A study involving researchers from the Universities of Leicester, Birmingham and Sheffield has highlighted significant variation in the development of intermediate care in England.



The study, which included a national survey of intermediate care co-ordinators, data collection in five case-study sites and a systematic review of previous research, focused upon the costs and outcomes of intermediate care for older people.

Research Fellow Emma Regen said: “Findings from the survey of intermediate care co-ordinators reveal that despite national guidance promoting conformity to clearly defined service models, intermediate care has continued to develop in response to local needs and circumstances. As a result provision is characterised by diversity and significant variation between different areas”.


The three-year research programme also discovered that despite the many benefits of intermediate care to service users, it was not always being used to its full potential. Ms Regen added: “Interviews with senior managers and frontline staff in the case-study sites suggest that service users may benefit from the ‘home-like’ setting in which many intermediate care services are delivered, particularly in helping older people lead independent lives. However, our research also indicates that workforce and capacity pressures, combined with a lack of awareness about intermediate care among ‘mainstream’ practitioners, means that intermediate care is currently not being used to its full potential”.

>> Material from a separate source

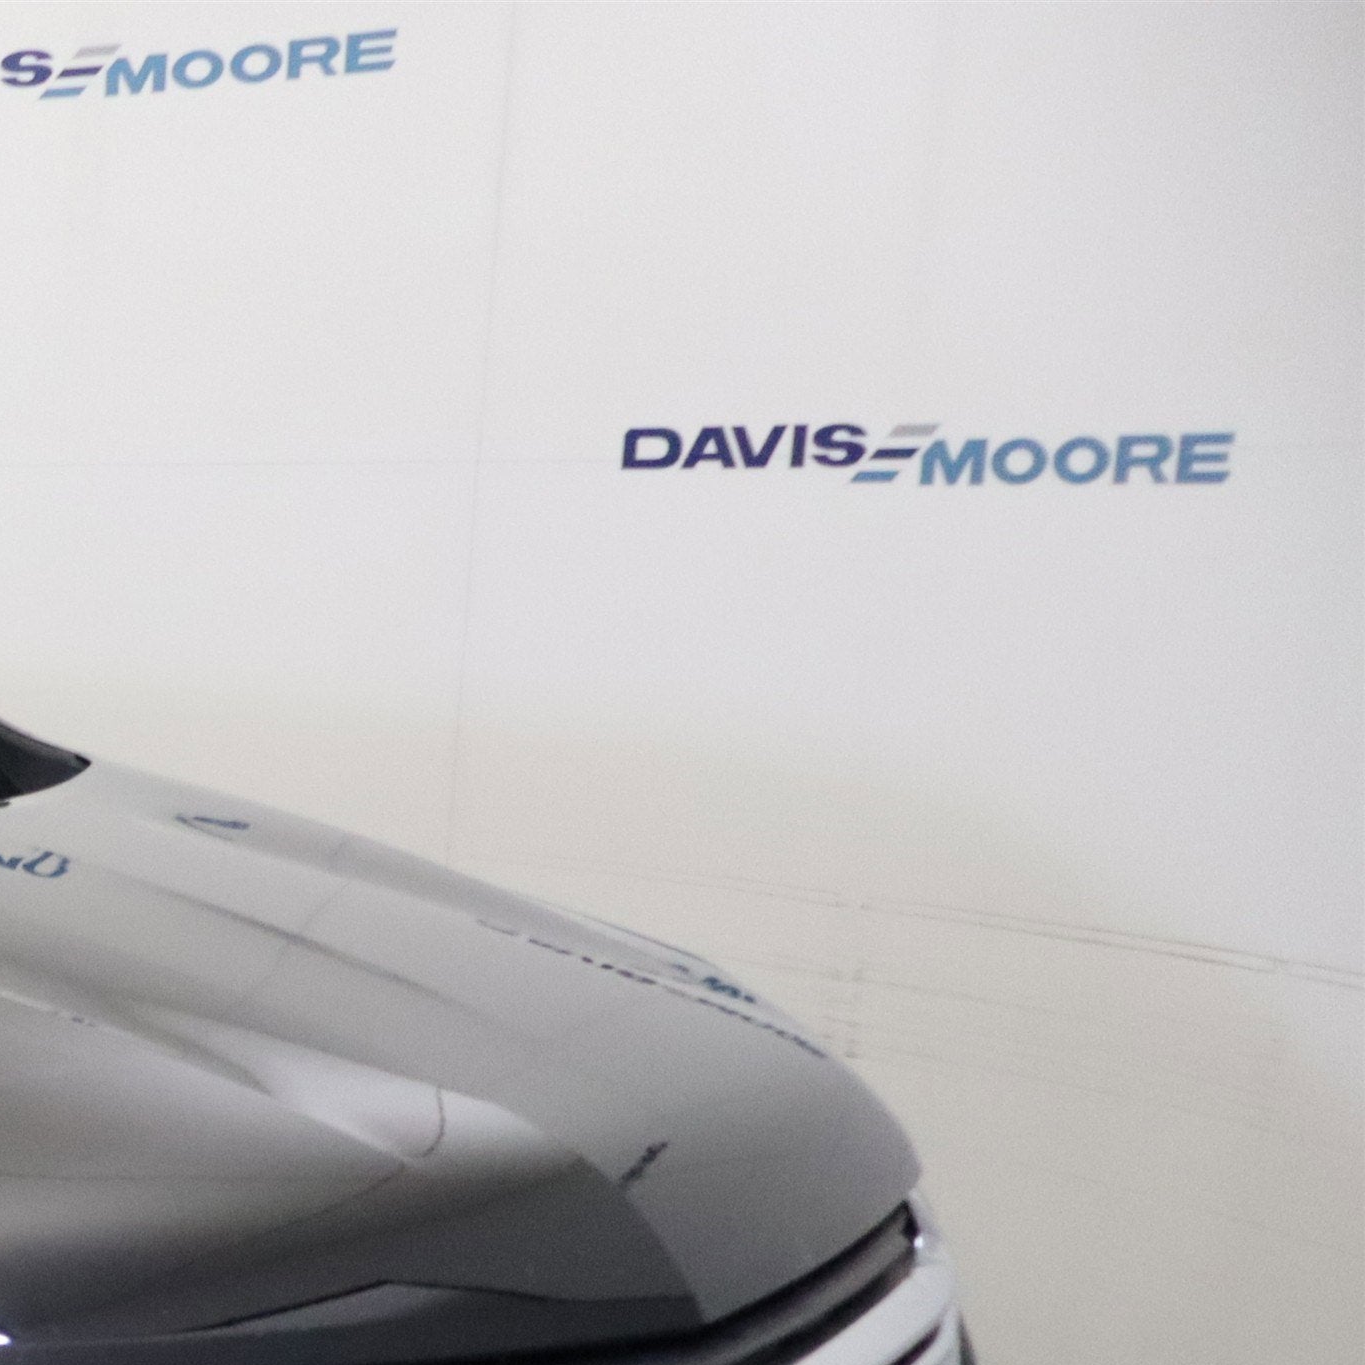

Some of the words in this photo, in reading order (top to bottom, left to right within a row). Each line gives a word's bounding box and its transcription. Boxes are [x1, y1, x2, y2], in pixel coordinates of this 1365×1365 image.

[105, 28, 397, 96] MOORE
[621, 424, 866, 469] DAVIS
[919, 433, 1235, 485] MOORE

Regarding the costs and outcomes of intermediate care for older people, Billingsley Kaambwa, Research Fellow said: “Analyses of quantitative data collected in the five case-study sites reveal that residential services have a higher cost than non-residential services, and services aimed at preventing avoidable hospital admissions have a lower cost than those which seek to facilitate discharge from hospital”. He added: “Service users’ quality of life was assessed both before and after receiving intermediate care and we found that the largest gains were seen for residential services (as opposed to non-residential) and for admission avoidance schemes (compared to supported discharge)”.

The systematic review of previous research on the costs and outcomes of different models of intermediate care, found that the evidence supporting the development of specific types of intermediate care is mixed with the bulk of evidence relating to supported discharge schemes.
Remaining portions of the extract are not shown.